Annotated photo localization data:
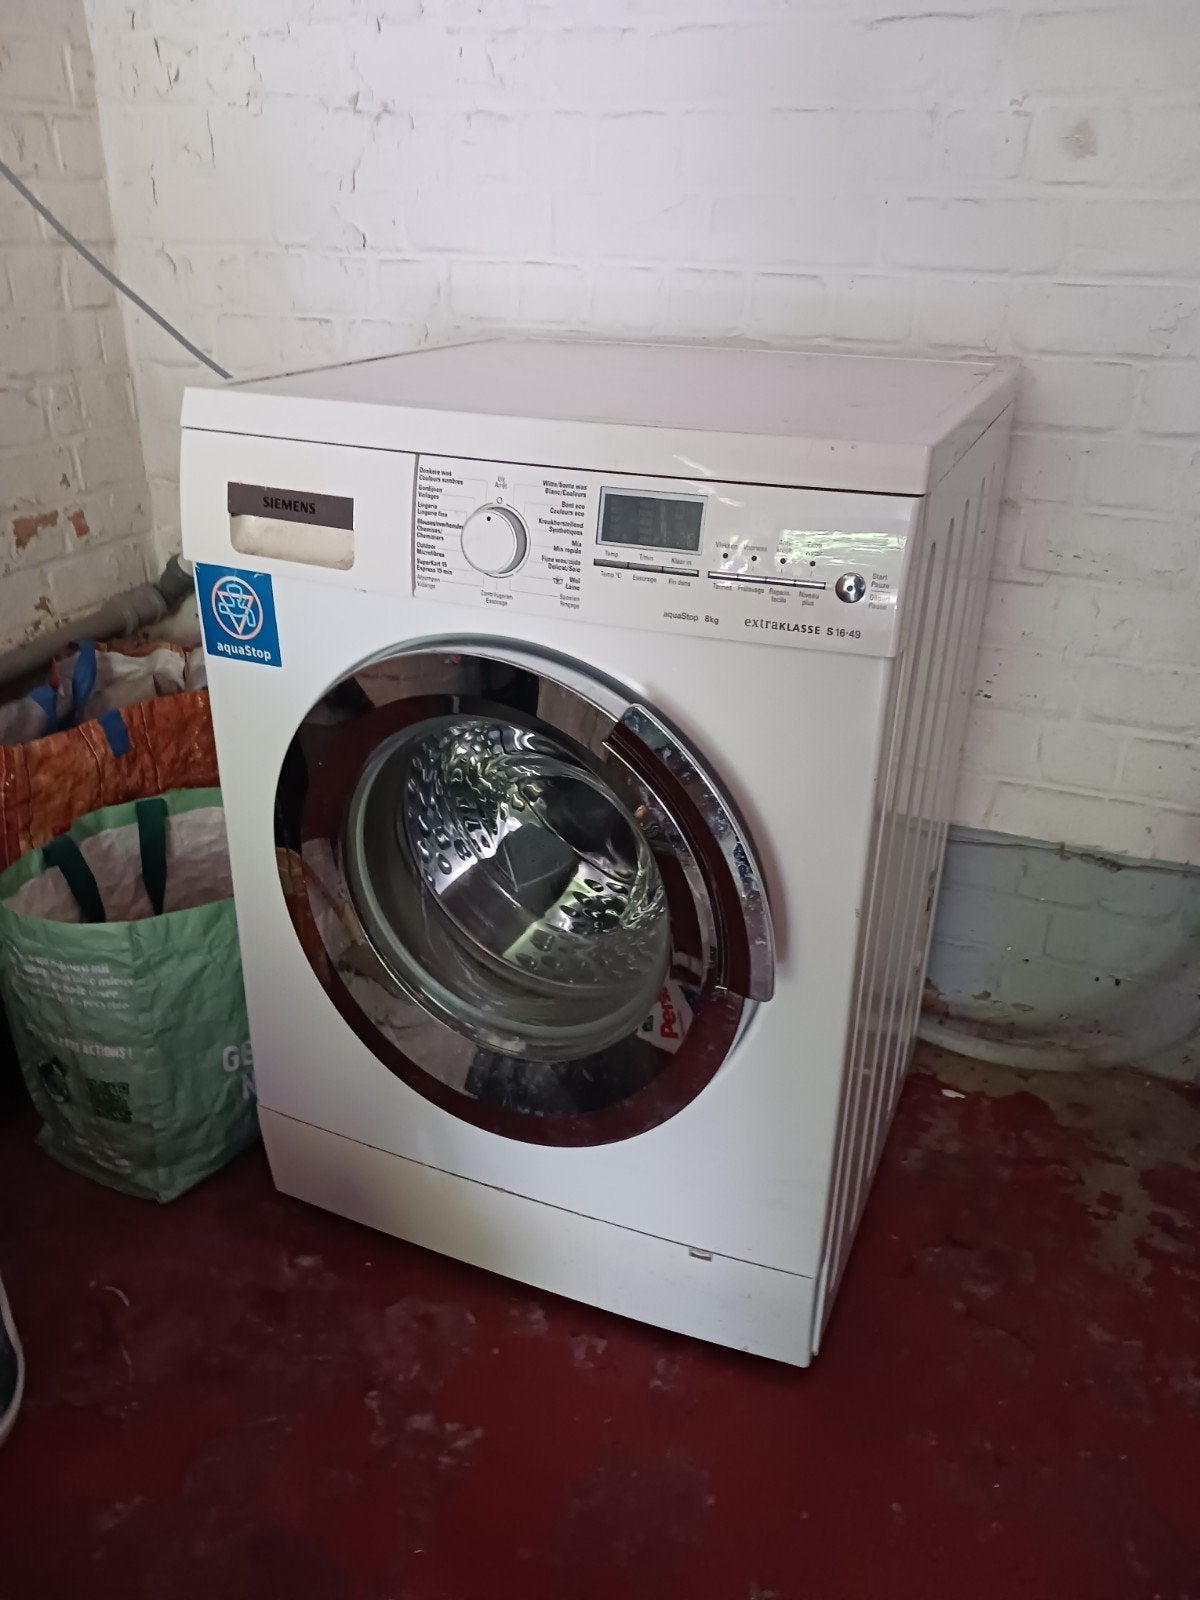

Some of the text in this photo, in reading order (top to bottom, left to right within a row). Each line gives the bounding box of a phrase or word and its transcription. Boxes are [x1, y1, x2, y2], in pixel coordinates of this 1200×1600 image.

[419, 474, 441, 482] Couleurs
[545, 488, 586, 498] Blanc/Couleurs
[263, 497, 316, 515] SIEMENS
[550, 507, 573, 516] Couleurs
[605, 550, 618, 558] Temp
[633, 574, 657, 583] Essorage
[566, 583, 580, 591] Laine
[663, 611, 719, 626] aquaStop 8kg
[744, 617, 821, 635] extraKLASSE
[217, 641, 271, 662] aquaStop
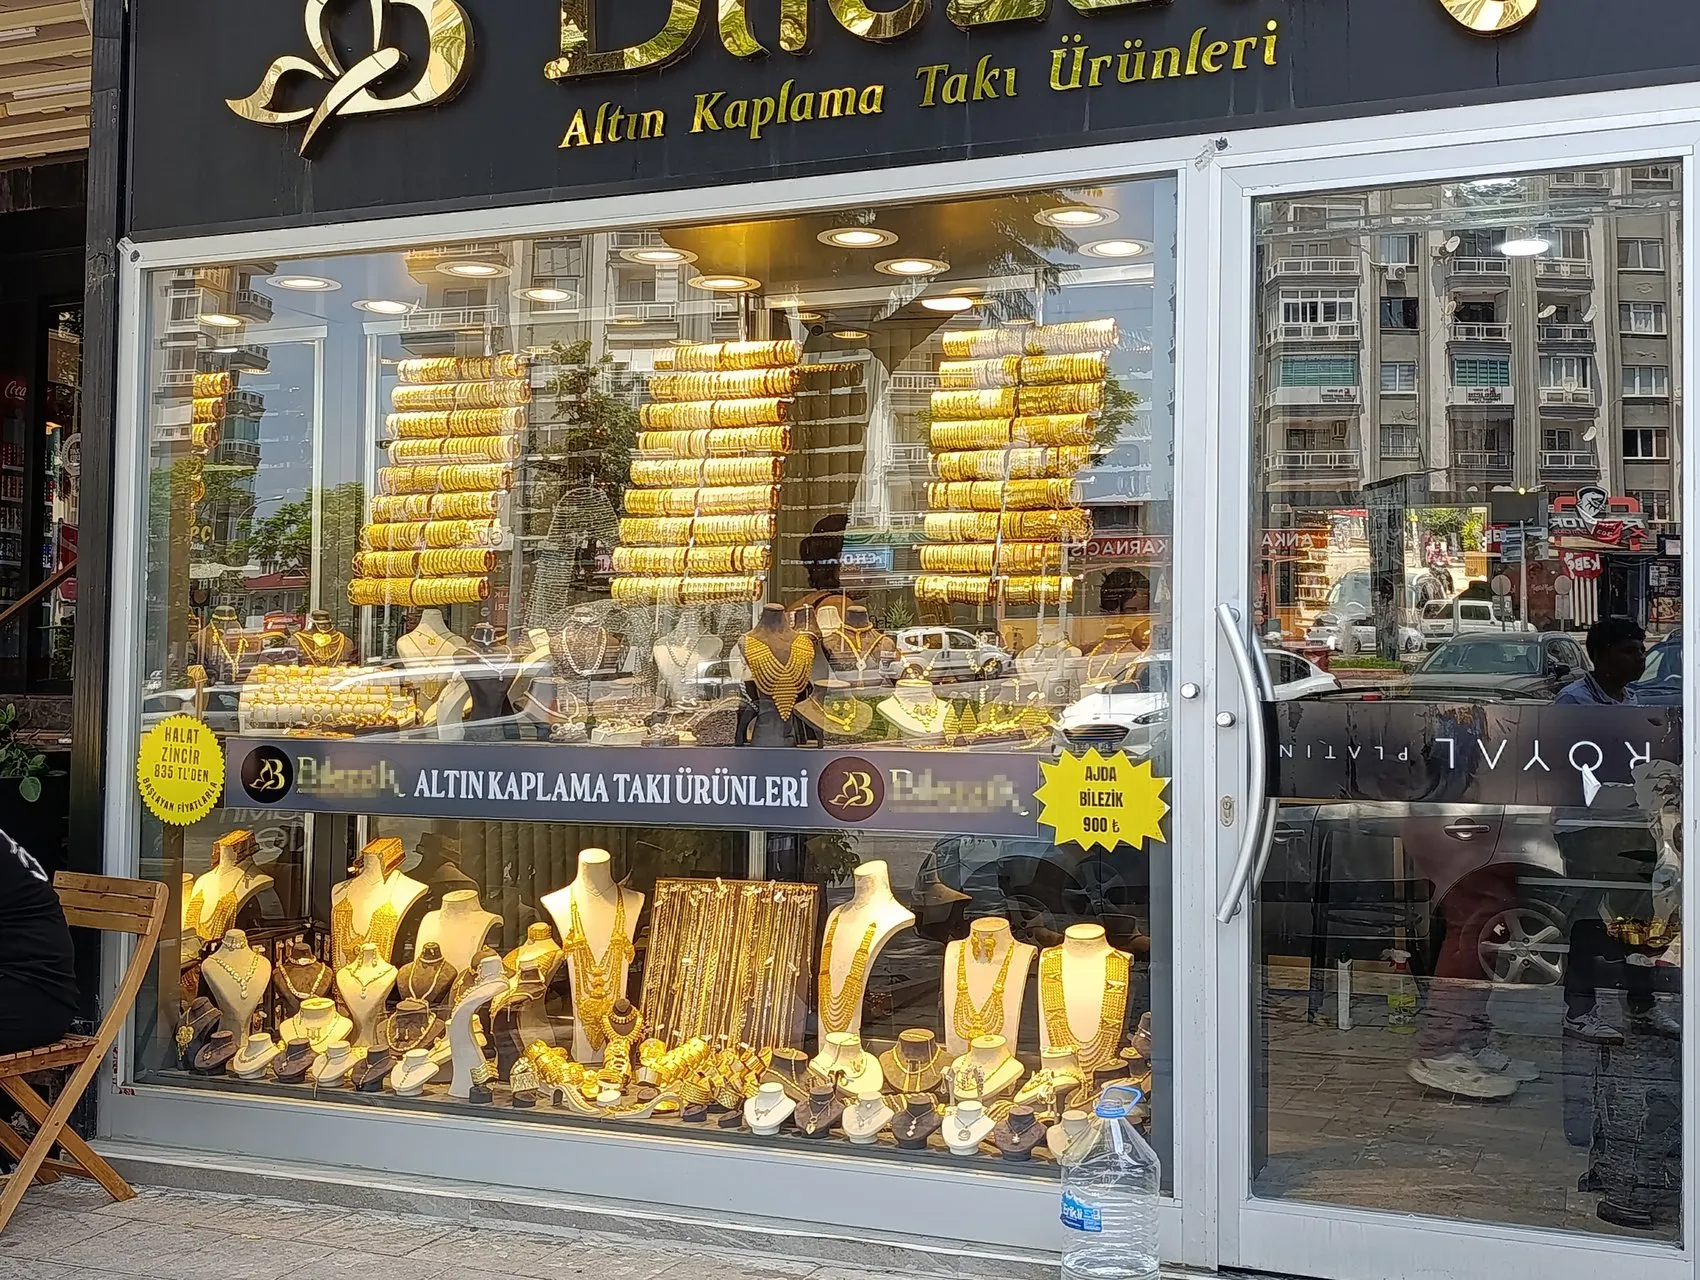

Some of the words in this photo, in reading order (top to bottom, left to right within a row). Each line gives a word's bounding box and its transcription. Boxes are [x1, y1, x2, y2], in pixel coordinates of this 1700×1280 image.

[558, 100, 666, 149] Altın
[692, 79, 885, 140] Kaplama
[916, 54, 1018, 108] Takı
[1049, 19, 1279, 92] Ürünleri
[164, 726, 201, 744] HALAT
[161, 744, 200, 765] ZİNCİR
[1280, 744, 1408, 762] PLATIN
[153, 763, 175, 780] 835
[178, 767, 209, 783] TL'DEN
[1084, 765, 1117, 782] AJDA
[142, 777, 175, 812] BAŞLAYAN
[177, 781, 218, 813] FİYATLARLA
[414, 769, 483, 799] ALTIN
[488, 771, 608, 802] KAPLAMA
[613, 774, 671, 804] TAKI
[672, 766, 809, 808] ÜRÜNLERİ
[1079, 787, 1124, 808] BİLEZİK
[1083, 816, 1107, 833] 900
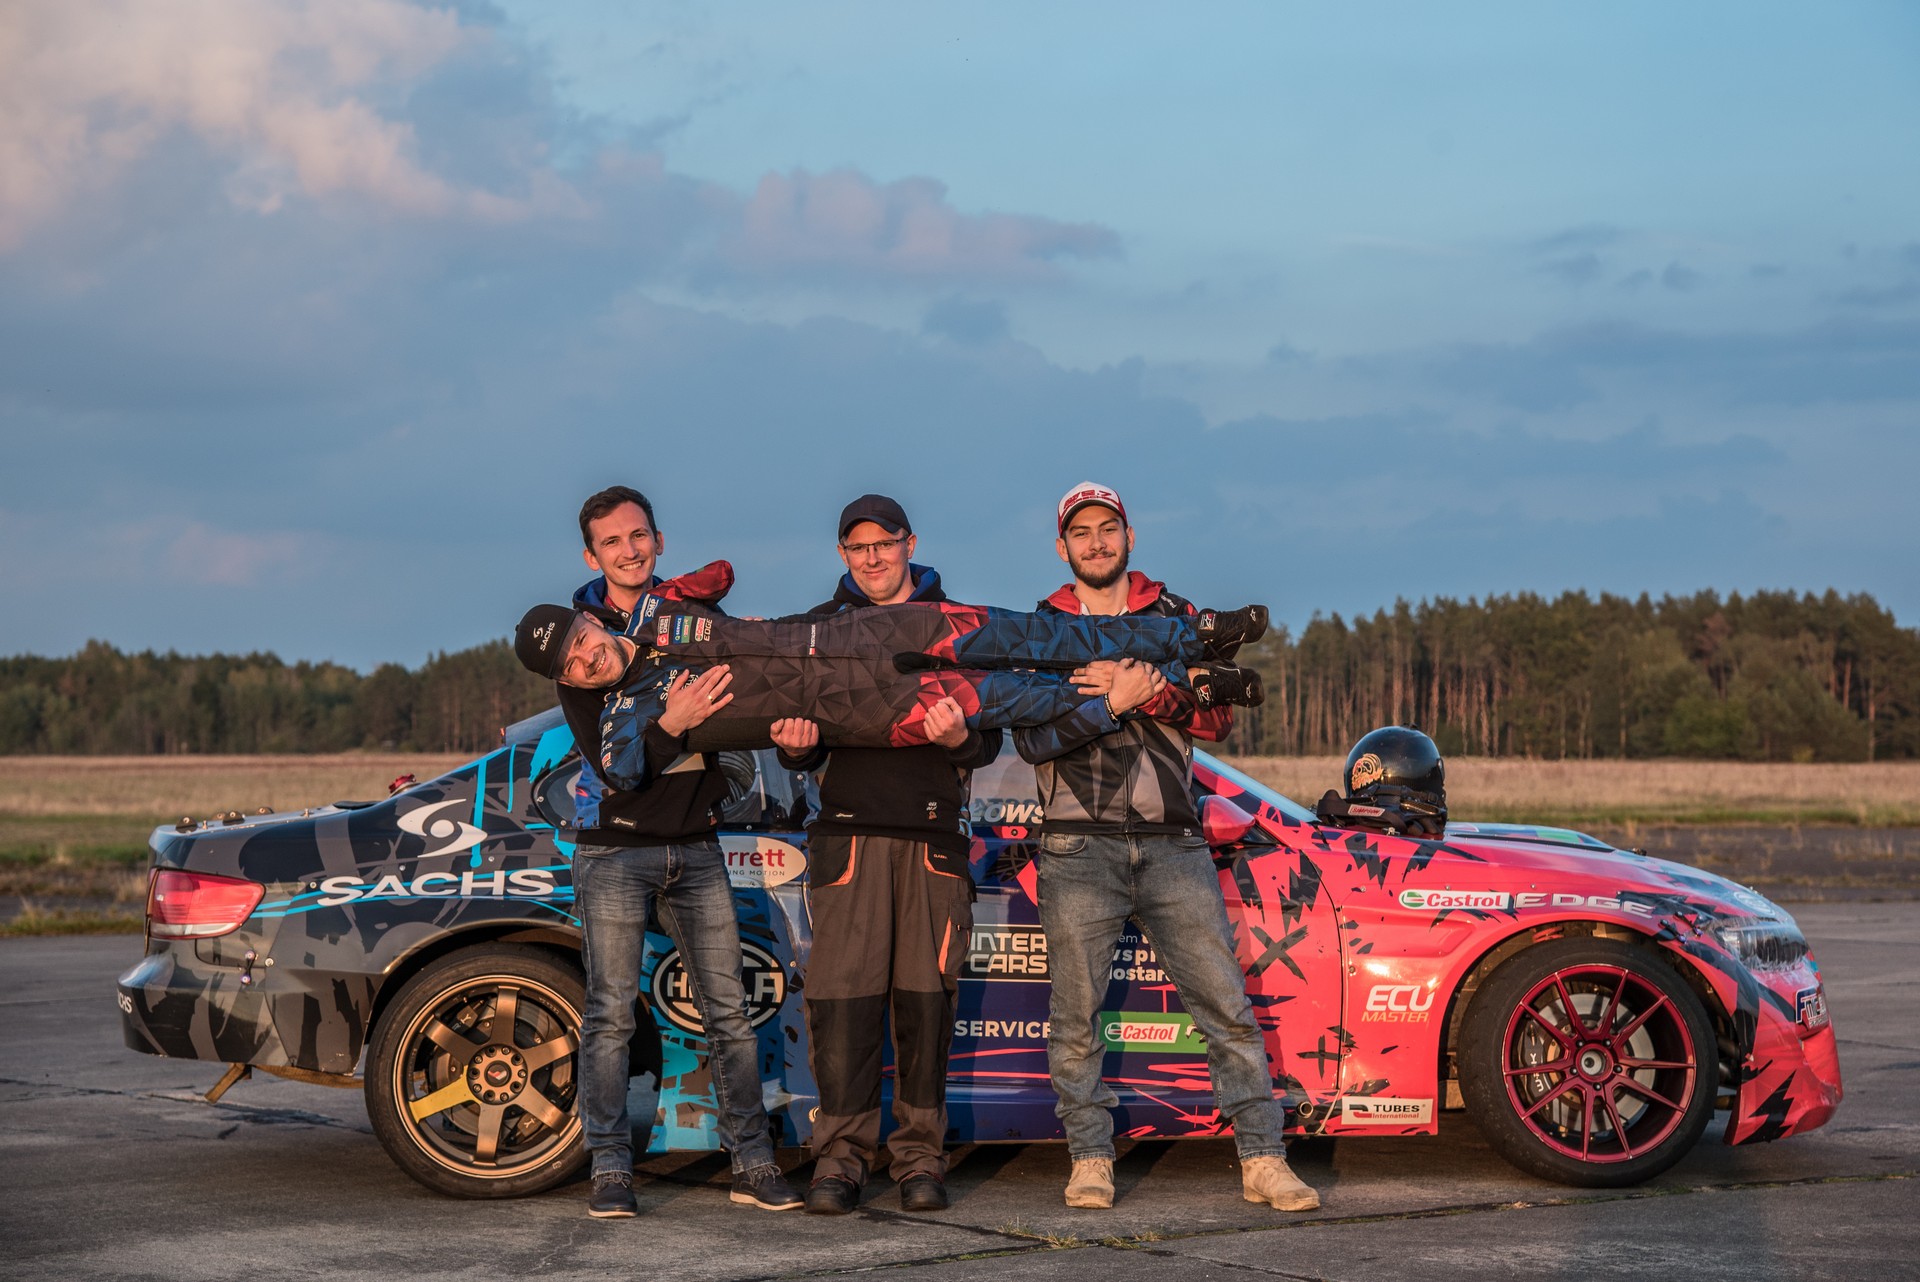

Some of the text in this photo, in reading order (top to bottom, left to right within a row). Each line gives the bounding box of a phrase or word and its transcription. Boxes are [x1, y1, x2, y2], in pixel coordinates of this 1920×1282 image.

[540, 622, 555, 651] SACHS
[704, 618, 712, 641] EDGE
[724, 848, 785, 868] rrett
[317, 869, 554, 907] SACHS
[1426, 892, 1654, 919] Castrol EDGE
[970, 932, 1048, 953] INTER
[970, 954, 1048, 974] CARS
[1366, 985, 1435, 1011] ECU
[1361, 1011, 1429, 1022] MASTER
[1123, 1025, 1174, 1040] Castrol
[1373, 1104, 1420, 1112] TUBES
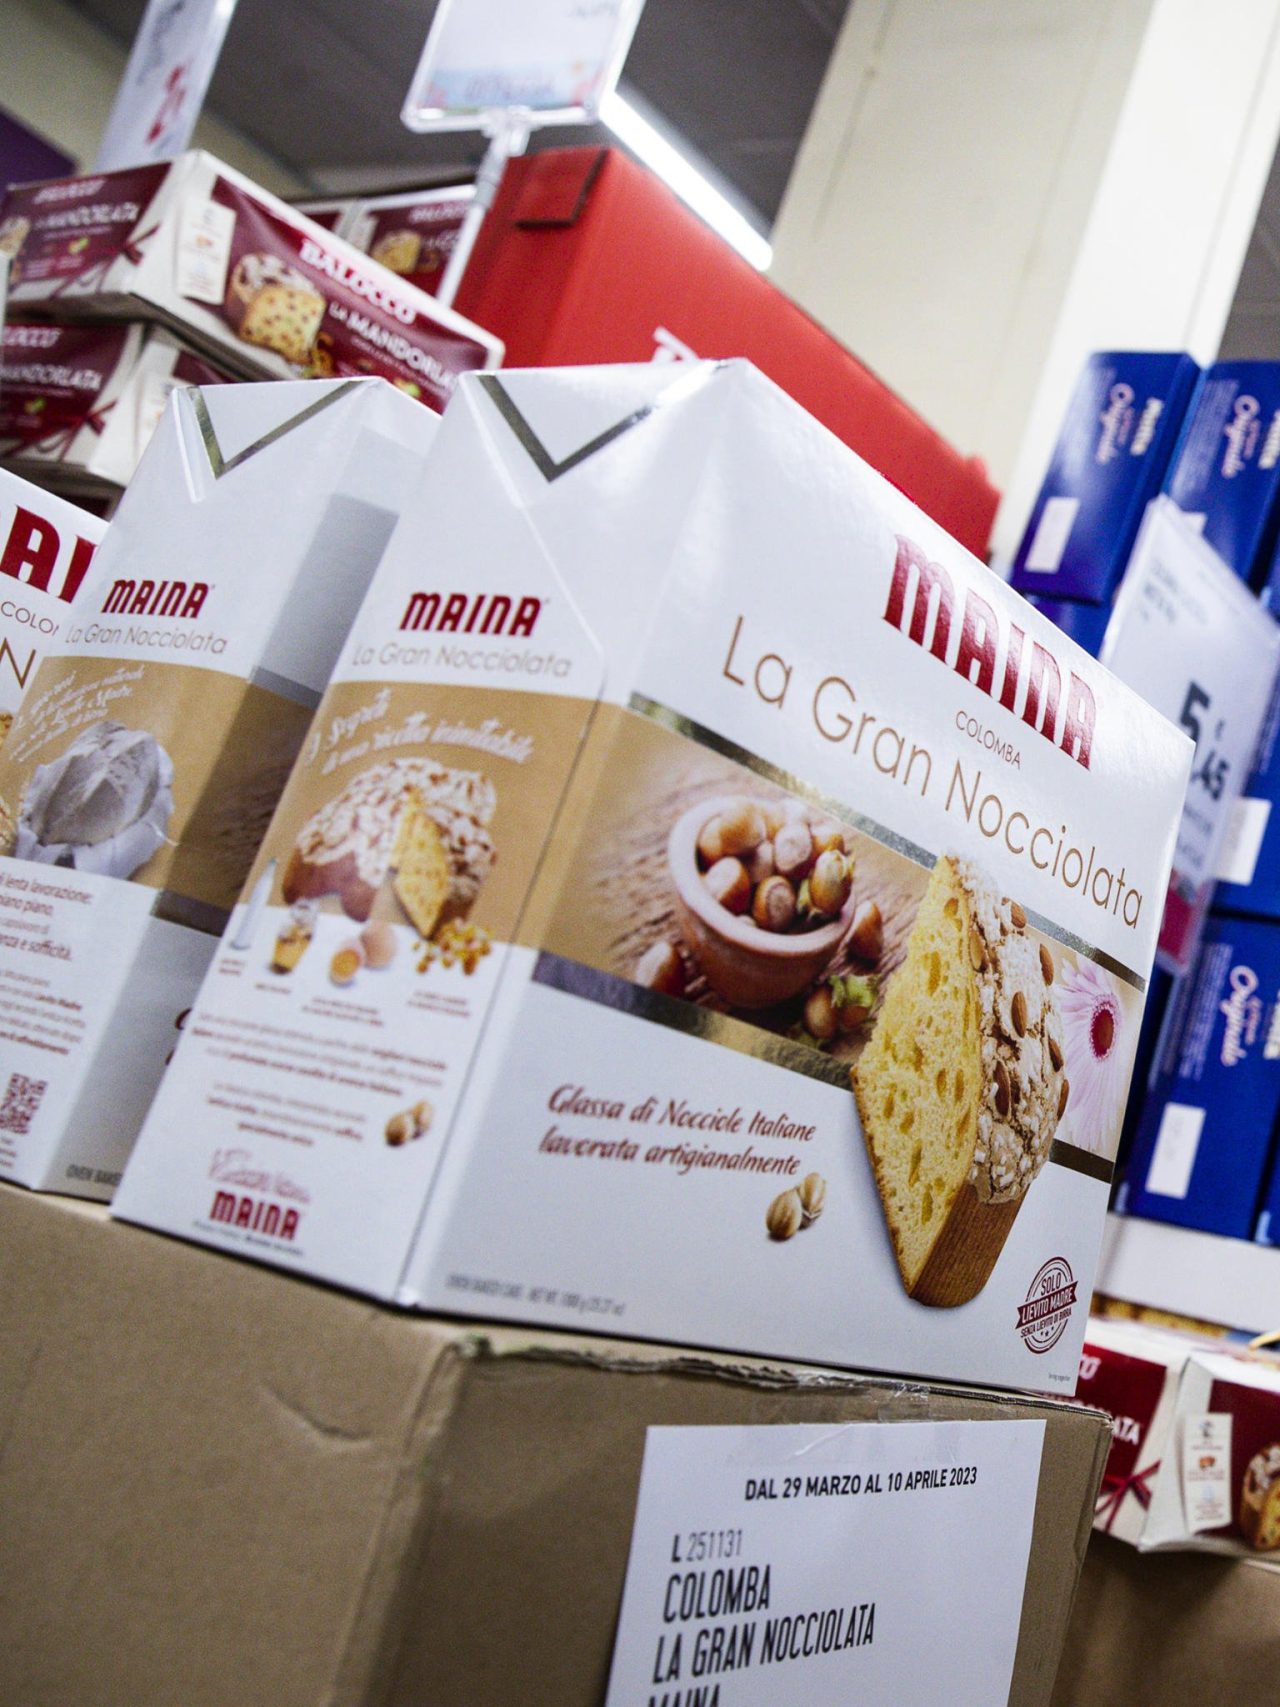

__PROBLEM DETAILS__:
Output every line of the records above unchanged, and keep the pictures out.

__WRITTEN SOLUTION__:
Some of the text in this photo, in reading order (top to bottom, left to right within a row). Each line gives the bounding box of a phrase or word and its transcription. Boxes are [x1, y1, x2, y2], in pixel coordinates of this 1200×1600 image.

[419, 474, 441, 482] Couleurs
[545, 488, 586, 498] Blanc/Couleurs
[263, 497, 316, 515] SIEMENS
[550, 507, 573, 516] Couleurs
[605, 550, 618, 558] Temp
[633, 574, 657, 583] Essorage
[566, 583, 580, 591] Laine
[663, 611, 719, 626] aquaStop 8kg
[744, 617, 821, 635] extraKLASSE
[217, 641, 271, 662] aquaStop

Some of the words in this photo, in reading order (top to bottom, left to right within a row). Each line gives a word's bounding box and its transcription. Boxes are [x1, y1, x2, y2], in pixel coordinates of this 1700×1280 image.

[558, 100, 666, 149] Altın
[692, 79, 885, 140] Kaplama
[916, 54, 1018, 108] Takı
[1049, 19, 1279, 92] Ürünleri
[164, 726, 201, 744] HALAT
[161, 744, 200, 765] ZİNCİR
[1280, 744, 1408, 762] PLATIN
[153, 763, 175, 780] 835
[178, 767, 209, 783] TL'DEN
[1084, 765, 1117, 782] AJDA
[142, 777, 175, 812] BAŞLAYAN
[177, 781, 218, 813] FİYATLARLA
[414, 769, 483, 799] ALTIN
[488, 771, 608, 802] KAPLAMA
[613, 774, 671, 804] TAKI
[672, 766, 809, 808] ÜRÜNLERİ
[1079, 787, 1124, 808] BİLEZİK
[1083, 816, 1107, 833] 900

Some of the text in this photo, in reading order (top to bottom, left to right within a row). Each line gives the bounding box of a phrase or word and its transcription. Boxes are [x1, y1, x2, y2], in pixel coordinates of this 1920×1282 image.

[540, 622, 555, 651] SACHS
[704, 618, 712, 641] EDGE
[724, 848, 785, 868] rrett
[317, 869, 554, 907] SACHS
[1426, 892, 1654, 919] Castrol EDGE
[970, 932, 1048, 953] INTER
[970, 954, 1048, 974] CARS
[1366, 985, 1435, 1011] ECU
[1361, 1011, 1429, 1022] MASTER
[1123, 1025, 1174, 1040] Castrol
[1373, 1104, 1420, 1112] TUBES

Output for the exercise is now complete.